** Materials provided follows **

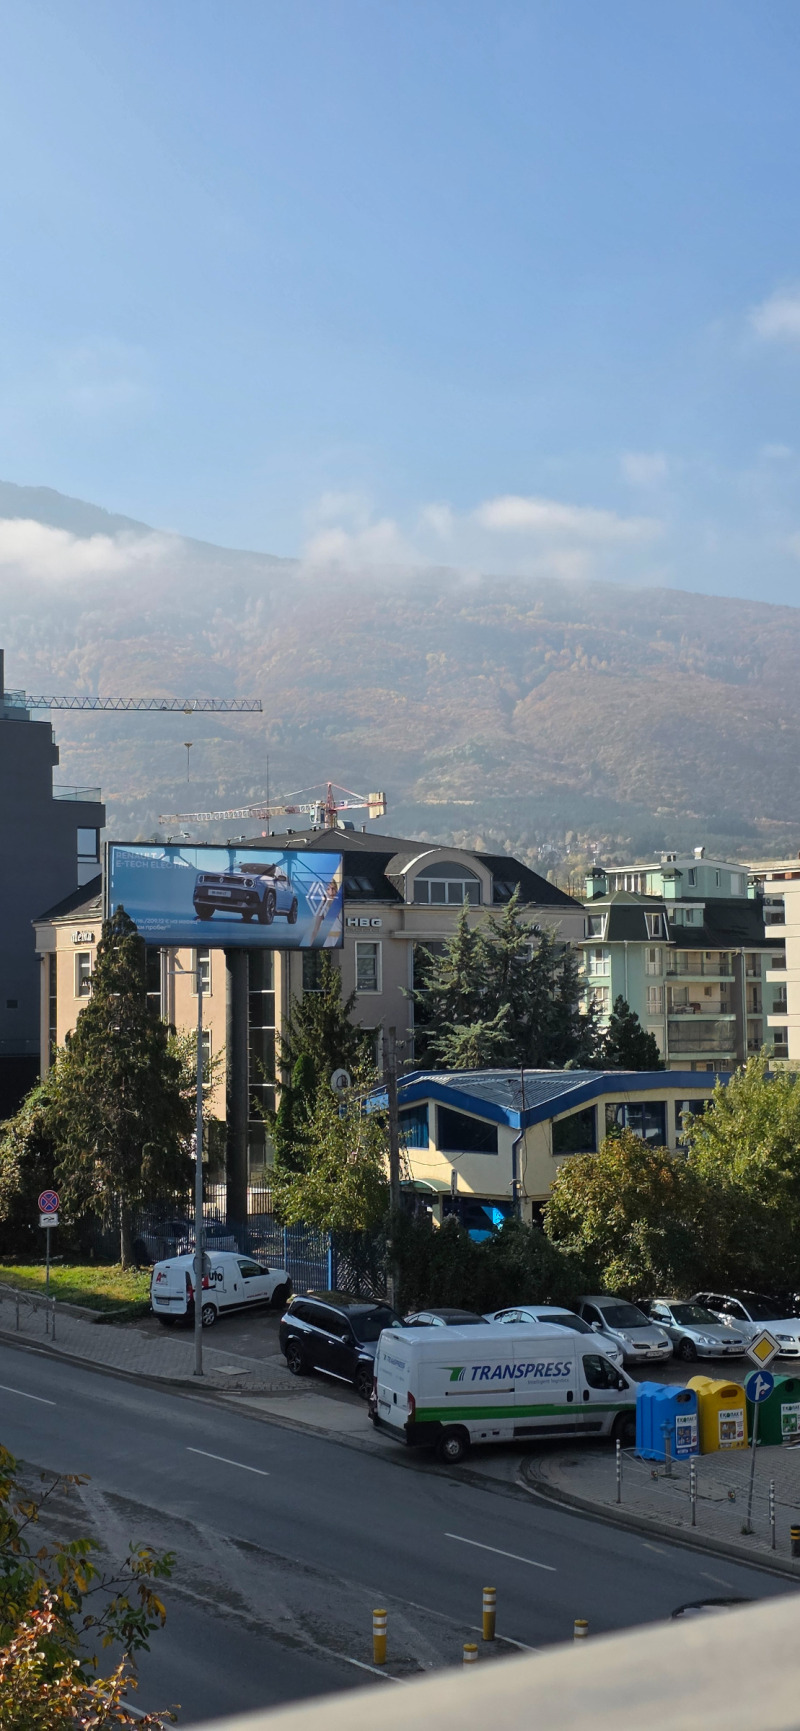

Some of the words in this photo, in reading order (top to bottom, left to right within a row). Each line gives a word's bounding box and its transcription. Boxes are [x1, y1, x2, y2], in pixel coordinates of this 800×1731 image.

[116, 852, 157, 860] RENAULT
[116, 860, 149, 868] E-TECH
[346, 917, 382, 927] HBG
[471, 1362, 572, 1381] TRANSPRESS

** End of Materials provided **

Problem requirements
An exact, image-free transcription of all the records above is needed.

Exercise answer
Some of the words in this photo, in reading order (top to bottom, left to right within a row). Each line gives a word's bounding box and its transcription. Boxes are [x1, y1, x2, y2], in pixel coordinates of this 800×1731 image.

[116, 852, 157, 860] RENAULT
[116, 860, 149, 868] E-TECH
[346, 917, 382, 927] HBG
[471, 1362, 572, 1381] TRANSPRESS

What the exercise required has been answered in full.